♤46♤

24 6 0
                                    

Ich nickte leicht und atmete tief durch. Ein Moment für mich, abseits der Kontrolle, der Verpflichtungen und Erwartungen, die mich seit Monaten erdrückten.

"Okay", sagte ich schließlich. "Ich werde mir eine kleine Auszeit in der Stadt nehmen", Lucio lächelte zufrieden.

"Gut und wenn du wieder zurückkommst, sind wir bereit für morgen“, antwortete er. Ich konnte eine leichte Sorge in seinem Blick erkennen, als würde er sich fragen, ob ich wirklich diese Zeit für mich nutzen würde oder ob ich mich wieder zurückziehen würde in die gewohnten Muster der Unsicherheit.

Als ich mich von Lucio abwandte und mir meine Tasche aus dem Schlafzimmer nahm, war ich bereit für den heutigen Tag.

An der Haustür sah ich den Fahrer, der bereits auf mich wartete. "Wohin, Miss Cortes?" Fragte er höflich. Ich konnte spüren, dass er es gewohnt war, seine Augen überall zu haben, immer wachsam, immer bereit.

"Ins Zentrum von Miami, bitte", sagte ich und öffnete die Tür des schwarzen SUVs. Ich stieg ein und lehnte mich zurück, die Augen auf die vorbeiziehenden Häuser gerichtet, während wir durch die Straßen fuhren. Das Geräusch der Stadt beruhigte mich auf eine seltsame Weise und ich konnte spüren, wie sich ein wenig Spannung von meinen Schultern löste.

Im Zentrum angekommen, stieg ich aus und ließ meinen Blick über die Straßenschilder und Schaufenster schweifen. Eine bunte Mischung aus Cafés, Boutiquen und kleinen Kunstgalerien säumte die Straßen. Die Geräusche des Verkehrs, das Lachen von Passanten, das ferne Hupen, es war, als würde ich die Stadt zum ersten Mal mit offenen Augen sehen.

"Ich bleibe in der Nähe, Miss Cortes.

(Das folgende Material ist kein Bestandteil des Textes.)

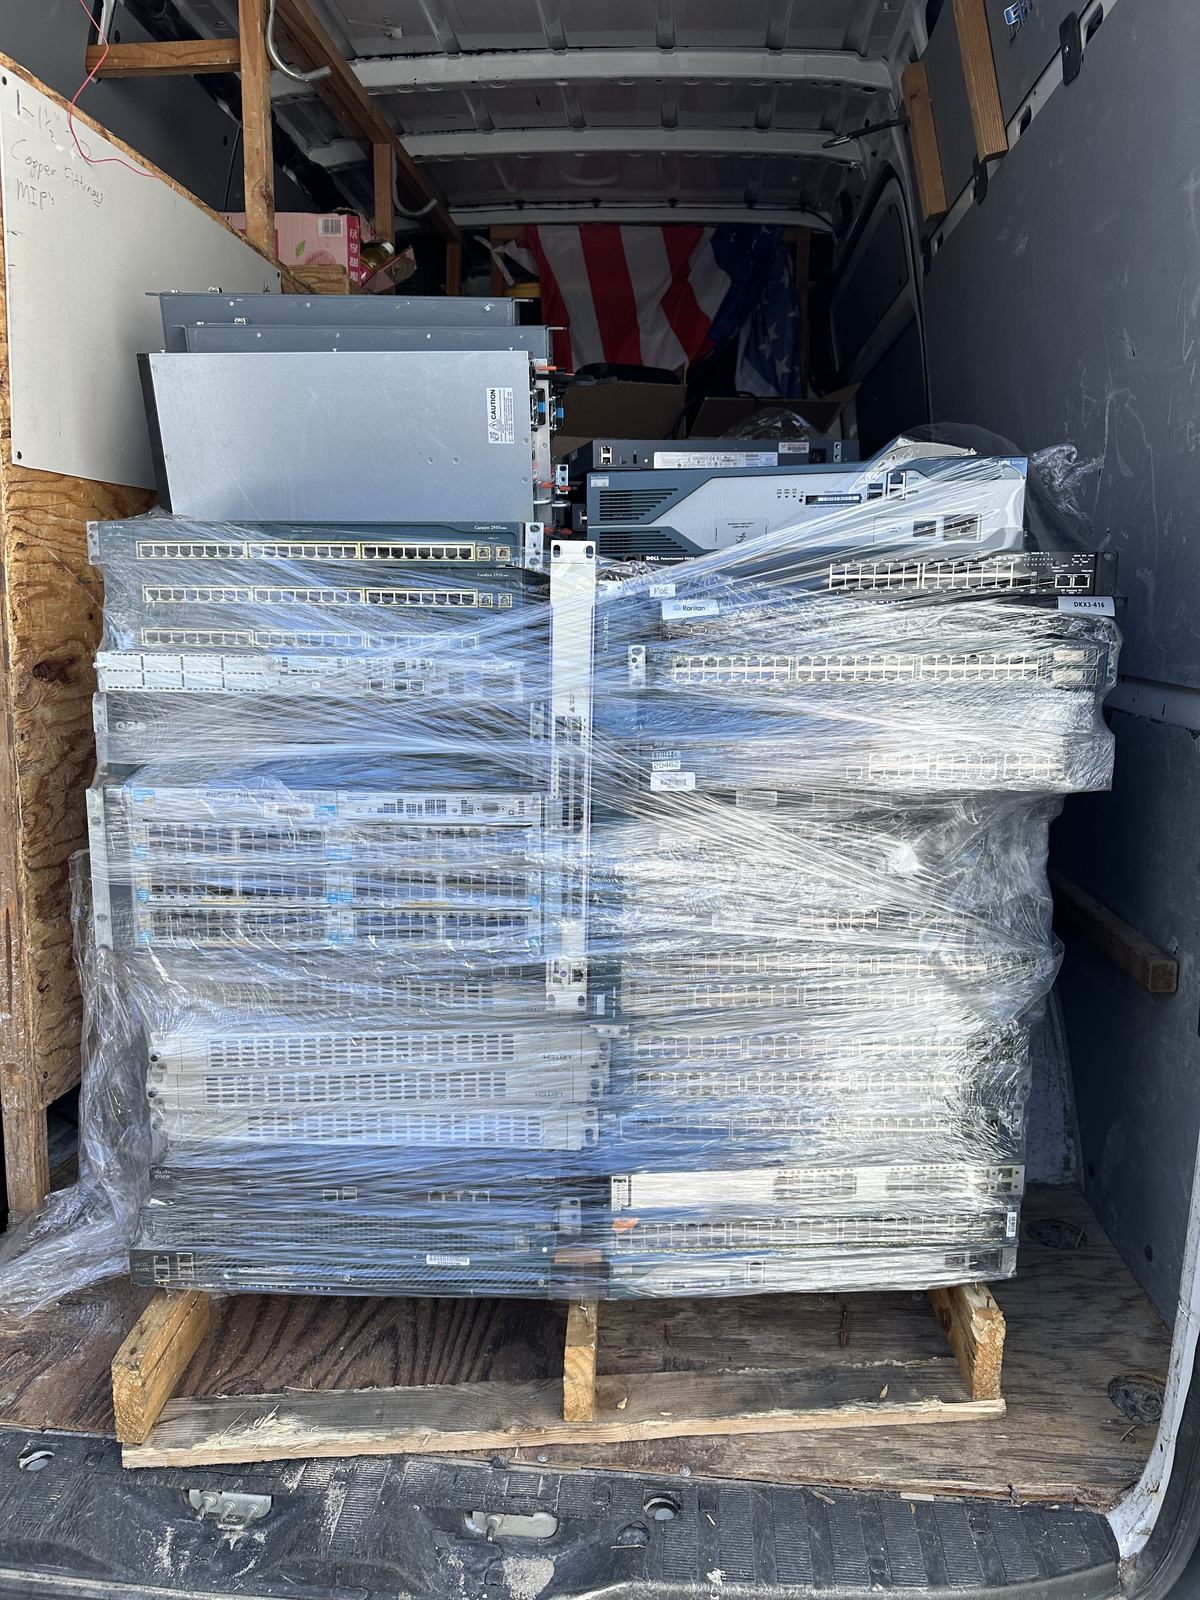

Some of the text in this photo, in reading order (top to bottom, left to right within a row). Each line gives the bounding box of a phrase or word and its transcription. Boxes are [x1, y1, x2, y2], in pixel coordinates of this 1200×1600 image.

[11, 139, 57, 181] Copper
[653, 587, 670, 595] PoE
[682, 604, 706, 612] Raritan
[1073, 601, 1105, 609] DKX3-416
[653, 762, 680, 770] 20462
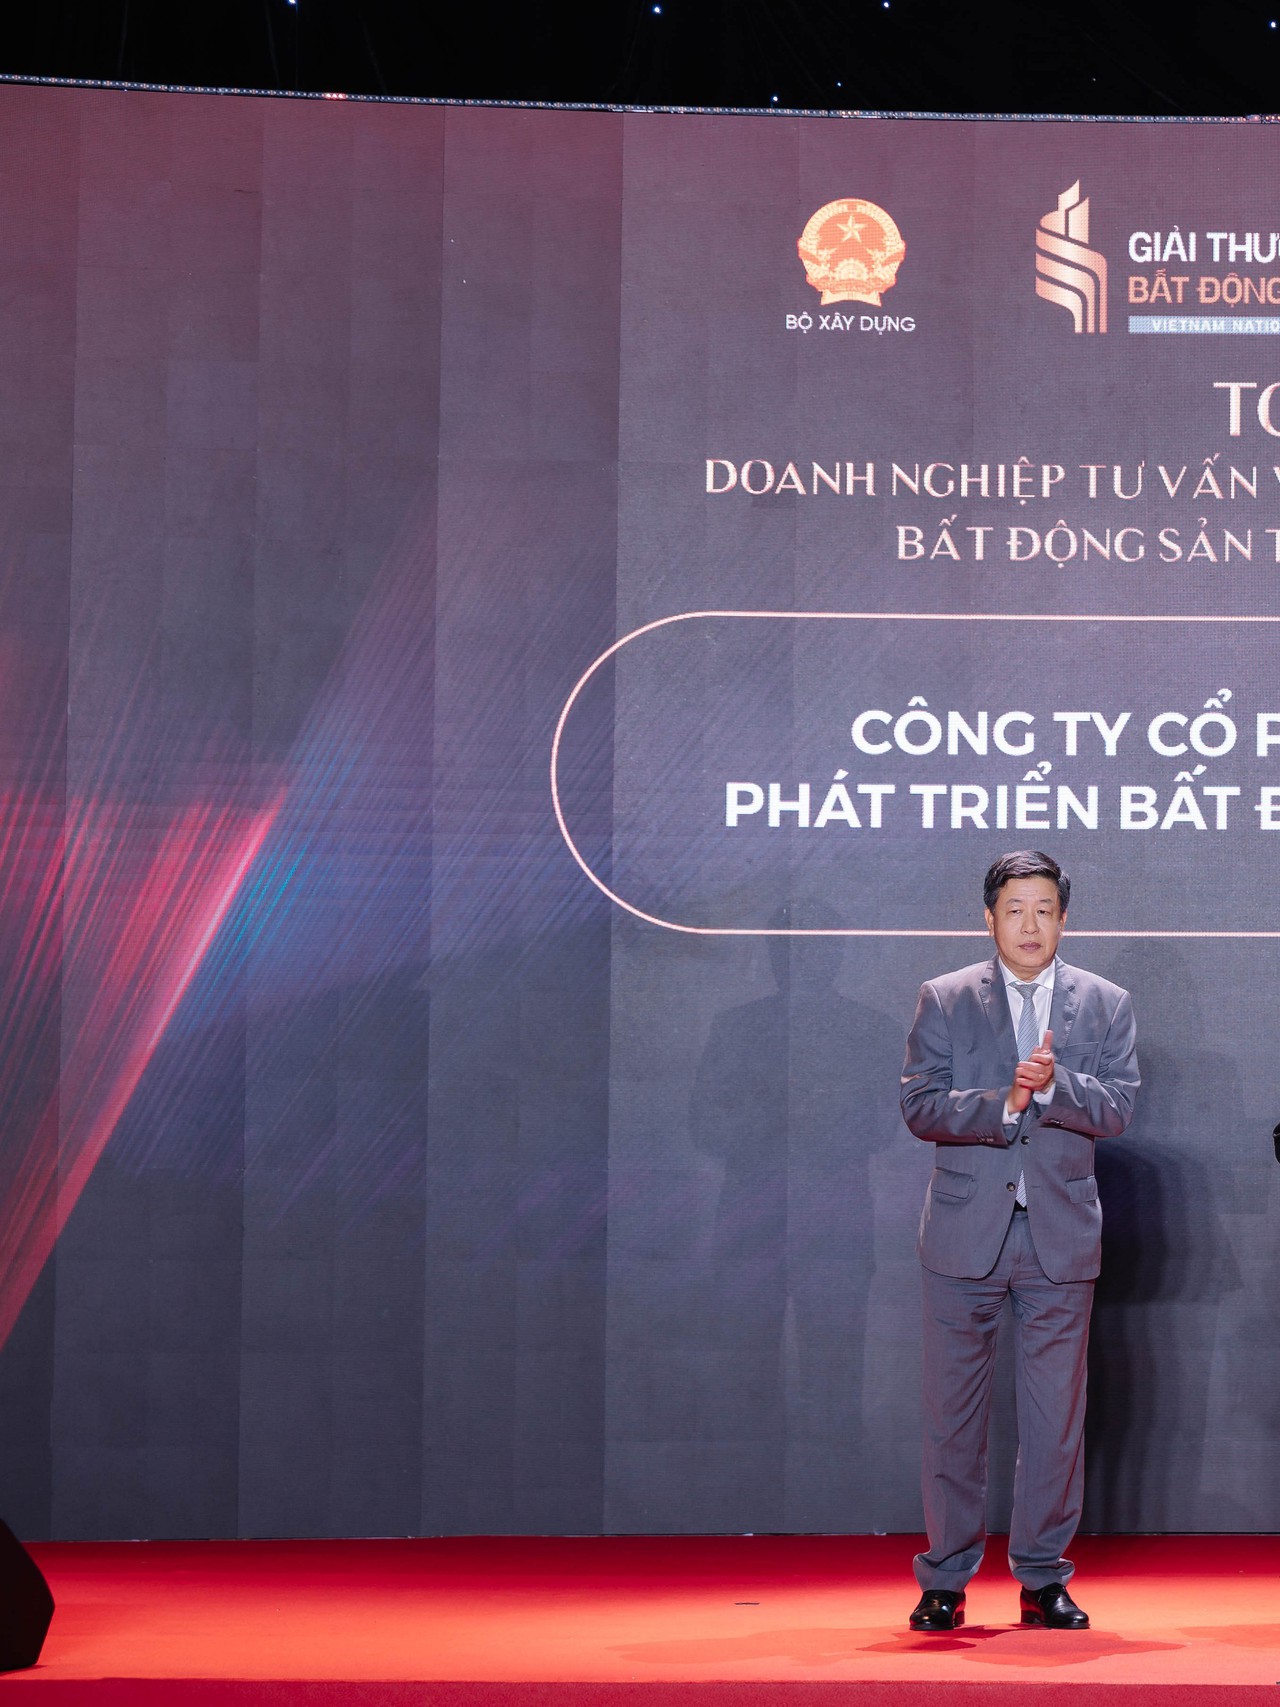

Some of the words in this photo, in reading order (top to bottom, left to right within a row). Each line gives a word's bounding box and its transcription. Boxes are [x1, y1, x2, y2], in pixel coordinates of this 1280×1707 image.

[1128, 224, 1197, 263] GIẢI
[1128, 268, 1190, 304] BẤT
[785, 311, 813, 334] BỘ
[818, 311, 856, 331] XÂY
[860, 314, 916, 336] DỰNG
[1152, 319, 1225, 332] VIETNAM
[705, 459, 876, 496] DOANH
[891, 456, 1066, 506] NGHIỆP
[1079, 460, 1145, 500] TƯ
[1157, 452, 1257, 500] VẤN
[896, 514, 994, 561] BẤT
[1006, 519, 1145, 569] ĐỘNG
[1158, 516, 1253, 563] SẢN
[850, 695, 1036, 757] CÔNG
[1052, 711, 1133, 757] TY
[1147, 687, 1238, 758] CỔ
[725, 768, 896, 829] PHÁT
[909, 760, 1099, 830] TRIỂN
[1119, 764, 1241, 830] BẤT

Falls Sie mich brauchen", sagte der Fahrer, während er an die Seite des Wagens lehnte. Ich nickte nur, bevor ich mich in die Menge begab.

Ich ließ mich treiben, folgte einfach dem Strom der Menschen und versuchte, den Lärm in meinem Kopf auszublenden. Es war eine Art von Freiheit, die ich nicht mehr gekannt hatte - die Freiheit, keine Entscheidungen treffen zu müssen, außer denen, die in diesem Moment wichtig waren.

Nach einer Weile blieb ich vor einem kleinen, unscheinbaren Laden stehen. Im Schaufenster hingen leuchtende Leinwände, Fotografien und kleine Skulpturen. Es war eine Kunstgalerie und etwas an der Schlichtheit des Raums zog mich an.

Ich trat ein und wurde sofort von einer leichten, beruhigenden Musik empfangen, die in der Luft schwebte. Die Atmosphäre war ruhig und gelassen, ein Kontrast zu dem Trubel draußen. Ich ließ meinen Blick über die Kunstwerke schweifen, blieb vor einem besonders intensiven Gemälde stehen, das in leuchtenden Rottönen und tiefen Blautönen gehalten war. Es schien förmlich zu pulsieren, wie ein lebendiges Wesen.

"Schön, nicht wahr?" Eine sanfte Stimme hinter mir ließ mich zusammenzucken. Eine ältere Frau mit langem, silbernem Haar und einem weichen Lächeln stand da. "Es stammt von einem lokalen Künstler. Er nennt es Inneres Feuer."

Ich nickte, unfähig, meine Augen von dem Bild abzuwenden. "Es ist sehr kraftvoll", sagte ich leise.

"Manchmal spiegeln uns die Kunstwerke, was tief in uns steckt", meinte die Frau, als hätte sie meine Gedanken gelesen. "Vielleicht erkennen Sie etwas von sich selbst in diesem Bild."

Ihre Worte trafen mich wie ein Schlag. Ich wusste nicht, warum, doch es fühlte sich an, als hätte sie recht. Etwas in mir begann zu beben, eine Art von Sehnsucht.

Ich drehte mich zu ihr um und lächelte schwach. "Vielleicht", sagte ich und meine Stimme klang brüchig. "Vielleicht ist es genau das."

Die Frau lächelte wissend und nickte, bevor sie sich abwandte und mir Zeit ließ, mit meinen Gedanken allein zu sein. Ich stand da, starrte auf das Gemälde und spürte, wie sich eine Art Frieden in mir ausbreitete.